The FinTech Fraud Ripple Effect, a PYMNTS and Ingo Money collaboration, found that the average FinTech firm in the U.S. loses 1.7% of its total revenue to fraud each year, averaging $51 million in losses per firm. For many, this is an issue of not having the requisite tech.
The bigger the company, the higher the losses, as we found that the average large firm loses 1.4% of its revenue to fraud, or at least $159 million.
Fraud-fighting capabilities are critical to securing FinTech money mobility, and firms have investment decisions to make along these lines to improve the fraud loss figures.
“Technical constraints, a category that includes both organizational constraints and regulatory requirements, are FinTechs’ second-most pressing issue, and 32% of firms cite technical constraints as their primary challenge,” the study said.
Additionally, “the more annual revenue a FinTech generates, the more likely it is to be limited by technical restraints. While 41% of large FinTech firms cite this as the most pressing challenge, just 24% of mid-sized firms and 33% of small firms agree. The cost of innovation can also impede progress, but it is the least common of these top three barriers to money mobility.”

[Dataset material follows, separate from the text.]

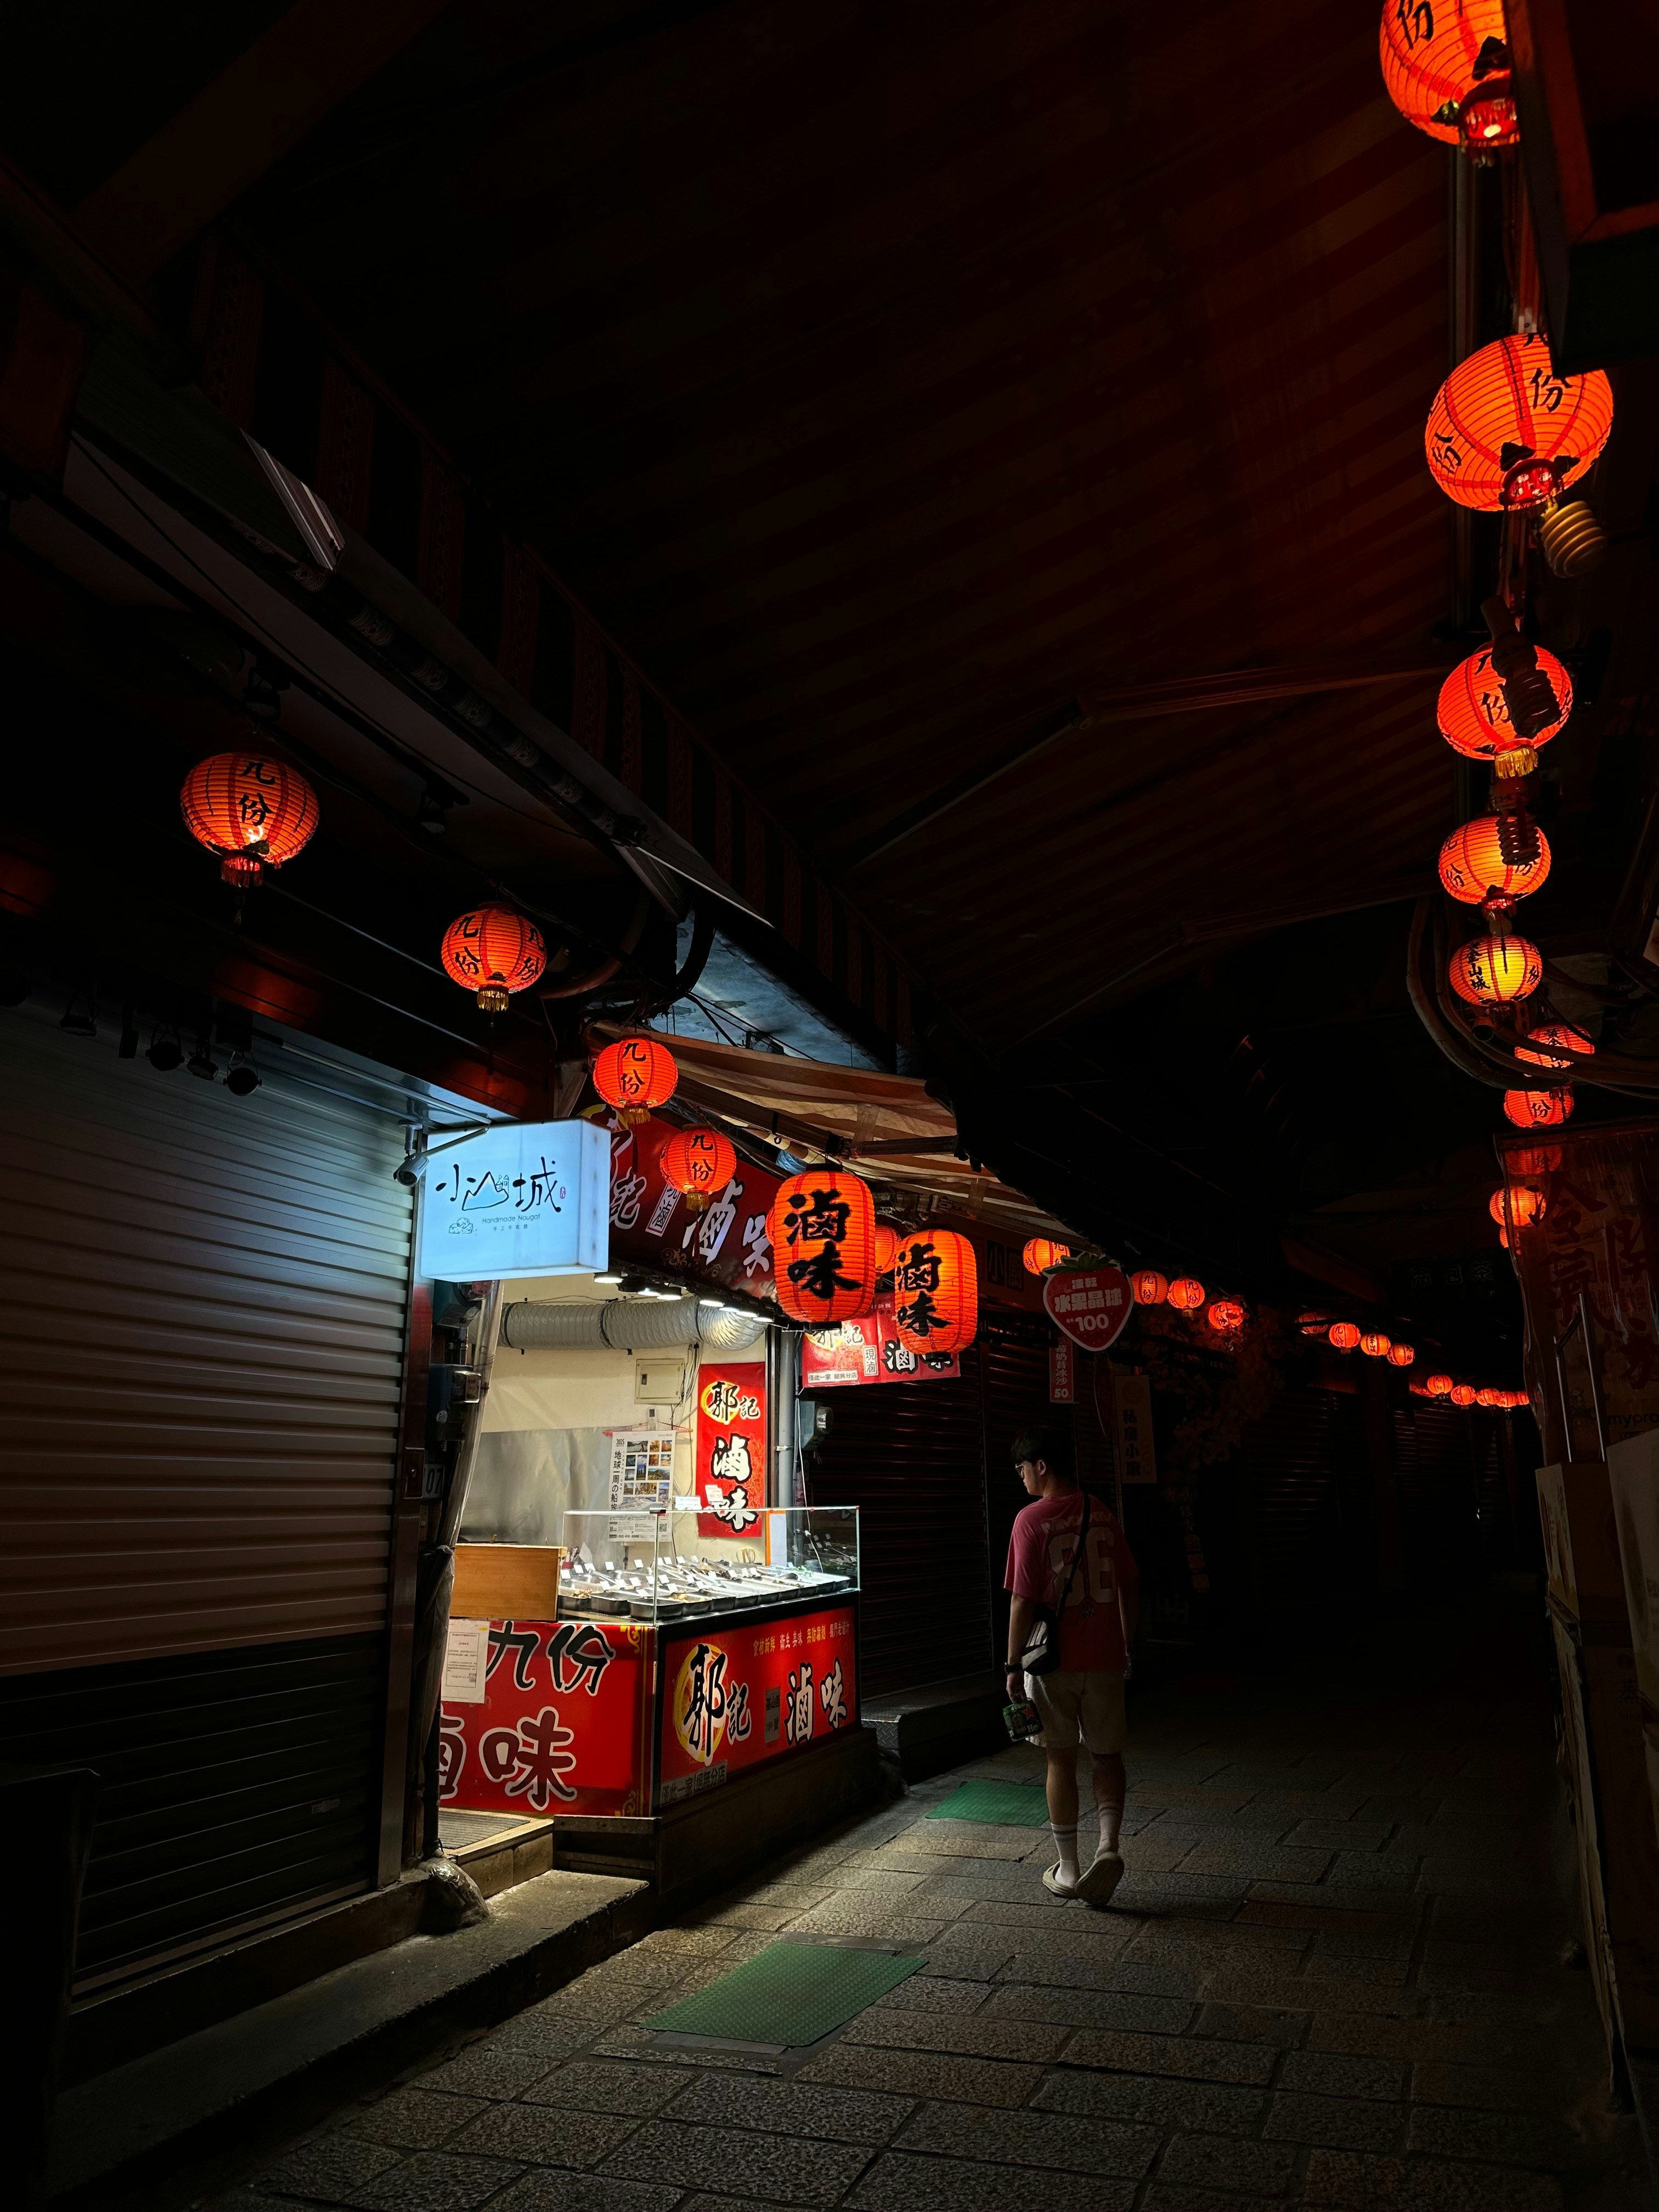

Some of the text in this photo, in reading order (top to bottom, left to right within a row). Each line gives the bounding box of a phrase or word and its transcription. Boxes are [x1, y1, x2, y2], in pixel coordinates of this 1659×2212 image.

FinTechs employing more stringent fraud controls are less likely to report fraud losses or related issues. Among FinTechs that struggle with fraud, 19% said that their inability to guarantee deposits is the foremost factor limiting their money-in mobility, and 18% cited a general lack of convenience as such.
However, it’s important to note, as the study observed, that “these FinTechs were more likely to cite security barriers — such as security restrictions and authentication — as a barrier. This could signal that these FinTechs are consciously using tighter security measures to keep fraud at bay and that these measures could make it more difficult for customers to make deposits.”